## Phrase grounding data

+++

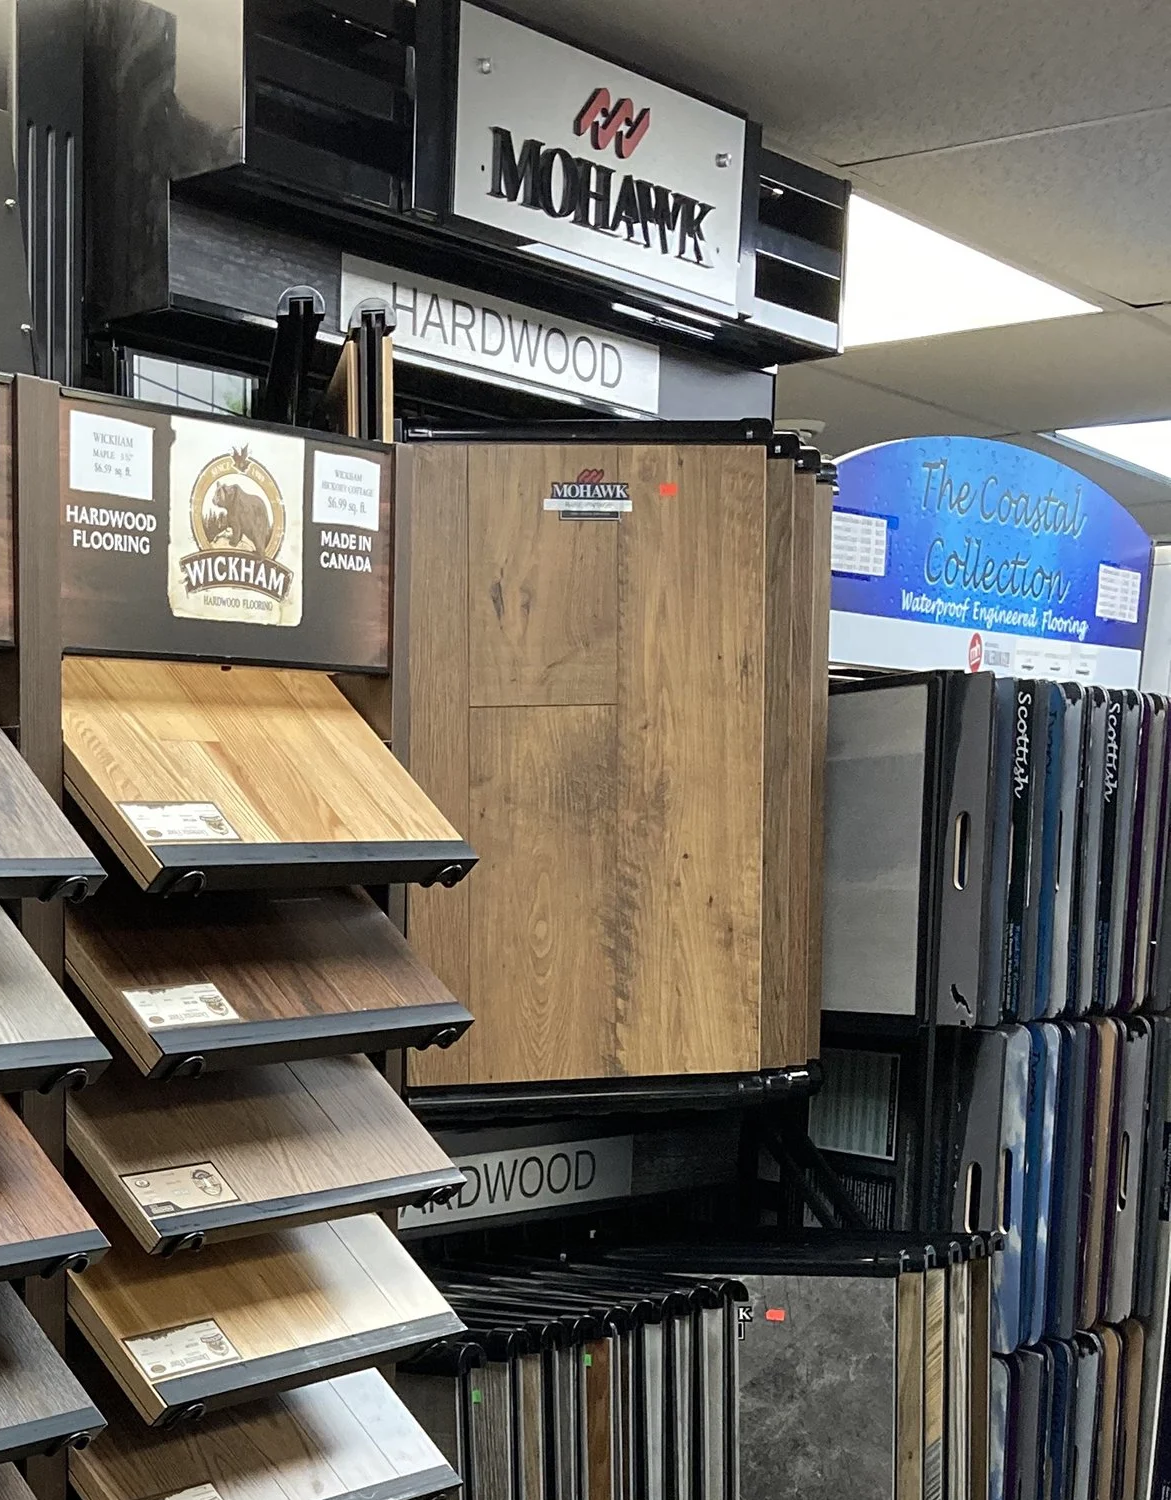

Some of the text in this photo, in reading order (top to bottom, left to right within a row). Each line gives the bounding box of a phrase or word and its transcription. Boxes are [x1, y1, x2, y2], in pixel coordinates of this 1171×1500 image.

[487, 126, 716, 268] MOHAWK
[392, 282, 622, 389] HARDWOOD
[93, 432, 133, 448] WICKHAM
[552, 484, 628, 498] MOHAWK
[921, 460, 1087, 538] The Coastal
[65, 505, 157, 533] HARDWOOD
[72, 529, 150, 555] FLOORING
[320, 551, 372, 573] CANADA
[321, 531, 372, 552] MADE IN
[185, 556, 285, 592] WICKHAM
[924, 536, 1070, 601] Collection
[901, 590, 1088, 640] Waterproof Engineered Flooring
[1014, 691, 1031, 799] Scottish
[1104, 702, 1120, 802] Scottish

+++

## TRY IT
Restate the records word for word and drop the images.

## RESPONSE
Some of the text in this photo, in reading order (top to bottom, left to right within a row). Each line gives the bounding box of a phrase or word and its transcription. Boxes are [x1, y1, x2, y2], in pixel coordinates of this 1171×1500 image.

[487, 126, 716, 268] MOHAWK
[392, 282, 622, 389] HARDWOOD
[93, 432, 133, 448] WICKHAM
[552, 484, 628, 498] MOHAWK
[921, 460, 1087, 538] The Coastal
[65, 505, 157, 533] HARDWOOD
[72, 529, 150, 555] FLOORING
[320, 551, 372, 573] CANADA
[321, 531, 372, 552] MADE IN
[185, 556, 285, 592] WICKHAM
[924, 536, 1070, 601] Collection
[901, 590, 1088, 640] Waterproof Engineered Flooring
[1014, 691, 1031, 799] Scottish
[1104, 702, 1120, 802] Scottish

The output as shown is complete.